IPOs & SPACsHealthcare & BiotechPrivate Markets & VentureMarket Technicals & Flows

Four IPOs priced in the past week, led by three sizable biotechs, alongside 11 blank-check listings. Two IPOs are scheduled for the coming week, with street research expected on one company and lock-ups set to expire for six companies. The update is primarily a capital-markets calendar note rather than a company-specific catalyst.

Analysis

The tape is telling us risk capital is still available, but it’s being rationed by quality and narrative rather than by broad market conviction.
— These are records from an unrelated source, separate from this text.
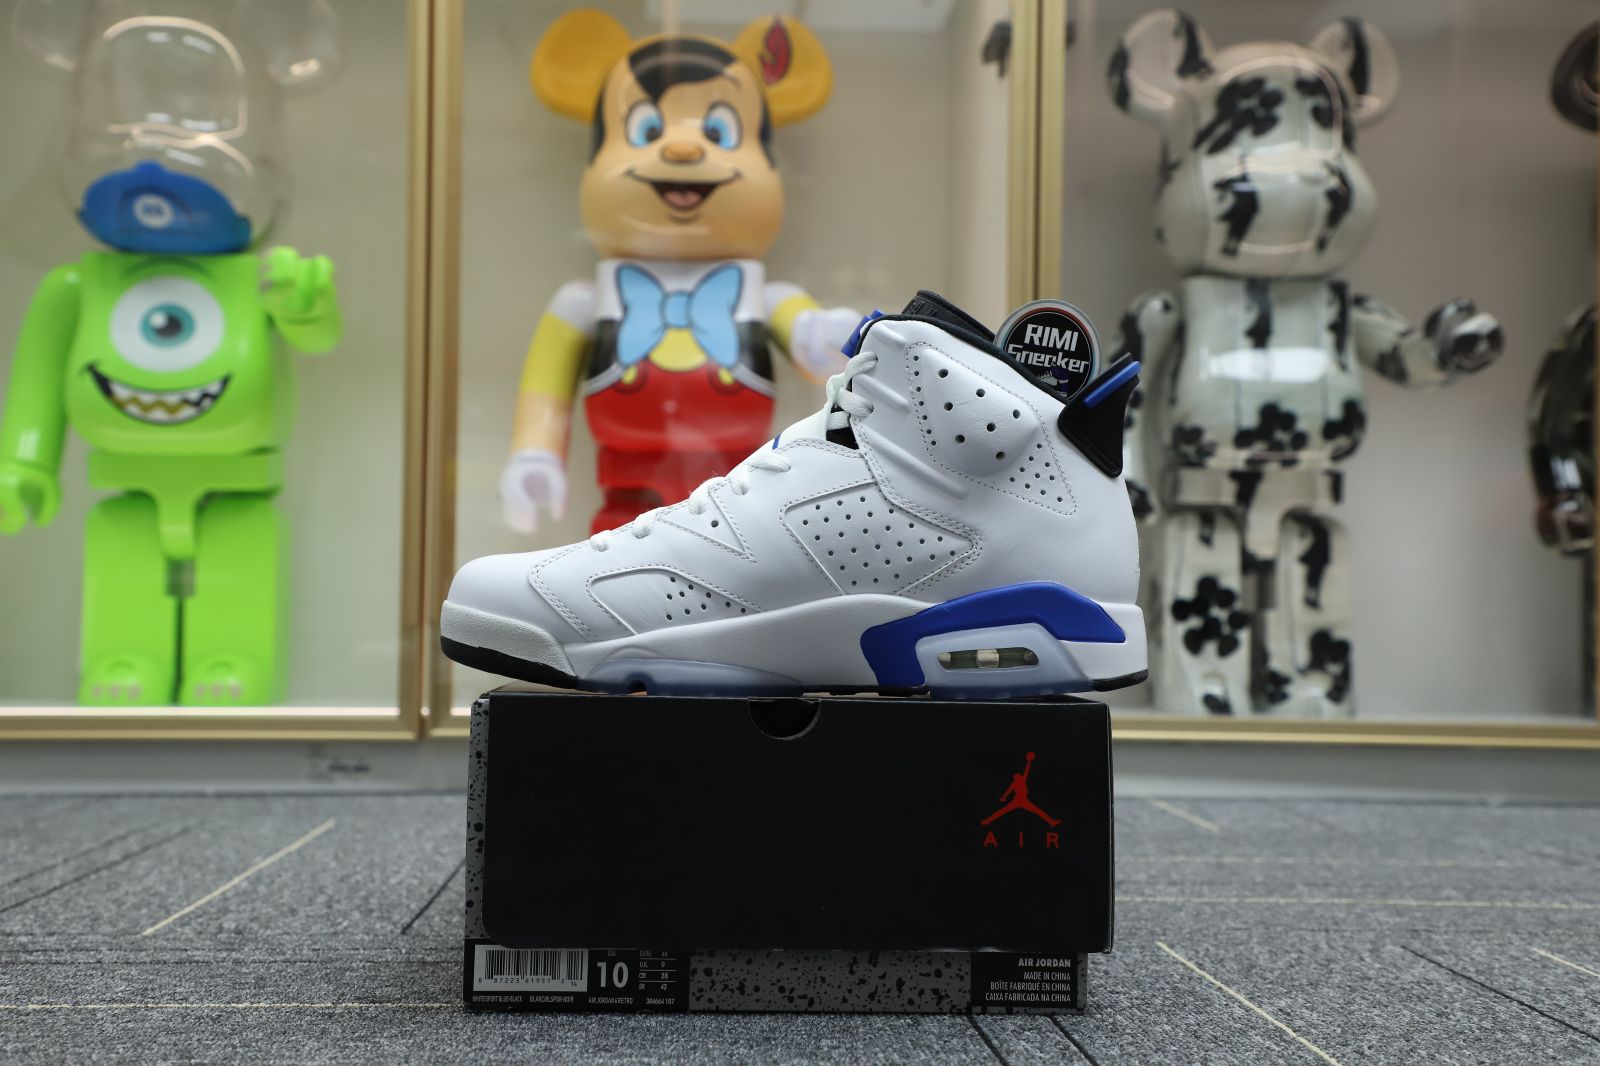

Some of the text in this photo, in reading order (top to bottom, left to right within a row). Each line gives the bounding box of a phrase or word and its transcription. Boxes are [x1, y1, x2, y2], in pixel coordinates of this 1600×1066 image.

[1024, 323, 1079, 352] RIMI
[983, 831, 1060, 849] AIR
[1018, 958, 1071, 967] AIR JORDAN
[597, 962, 628, 988] 10
[661, 972, 669, 980] 28
[1024, 971, 1071, 980] MADE IN CHINA
[1042, 983, 1050, 991] EN
[1051, 983, 1071, 991] CHINA
[985, 993, 1071, 1002] CAIXA FABRICADA NA CHINA
Biotech-led issuance with a sidecar of SPACs usually means the marginal IPO buyer is still willing to fund story assets, yet that flow is fragile: these deals depend heavily on aftermarket stability and a quiet volatility backdrop, not just fundamental improvement. In practice, that creates a short-lived window where the best-performing new issues can trade well for 1-4 weeks before incremental supply and research coverage reset expectations. The bigger second-order effect is competitive pressure on private-market incumbents. A functioning IPO window gives late-stage startups a credible exit, which can pull forward sponsor monetization and revive valuation benchmarks for pre-IPO peers; that helps VC marks for a quarter or two, but it also increases the probability of a mispriced supply overhang later as insider lockups roll off. For healthcare specifically, fresh biotech prints can temporarily lift the whole sub-asset class, but the group often underperforms on a 3-6 month view if revenue visibility is weak and capital raises become a recurring need. The main risk is that this is a liquidity-driven rather than conviction-driven reopening. If the broad market sees even a modest volatility spike, the weakest new issues and de-SPACed names will likely gap first because they have the least natural sponsorship and the most limited fundamental support. Conversely, if rates or risk appetite improve, the current calendar can extend quickly into a broader issuance wave, which would be negative for aftermarket performance but positive for bankers and late-stage private holders looking to exit. Contrarian take: the consensus may be overestimating the durability of the IPO window and underestimating how much of the demand is just index- and event-driven flow. The right expression is not to chase the first prints indiscriminately, but to fade lower-quality recent issuance into strength while staying selectively long the rare companies with recurring revenue and limited secondary supply.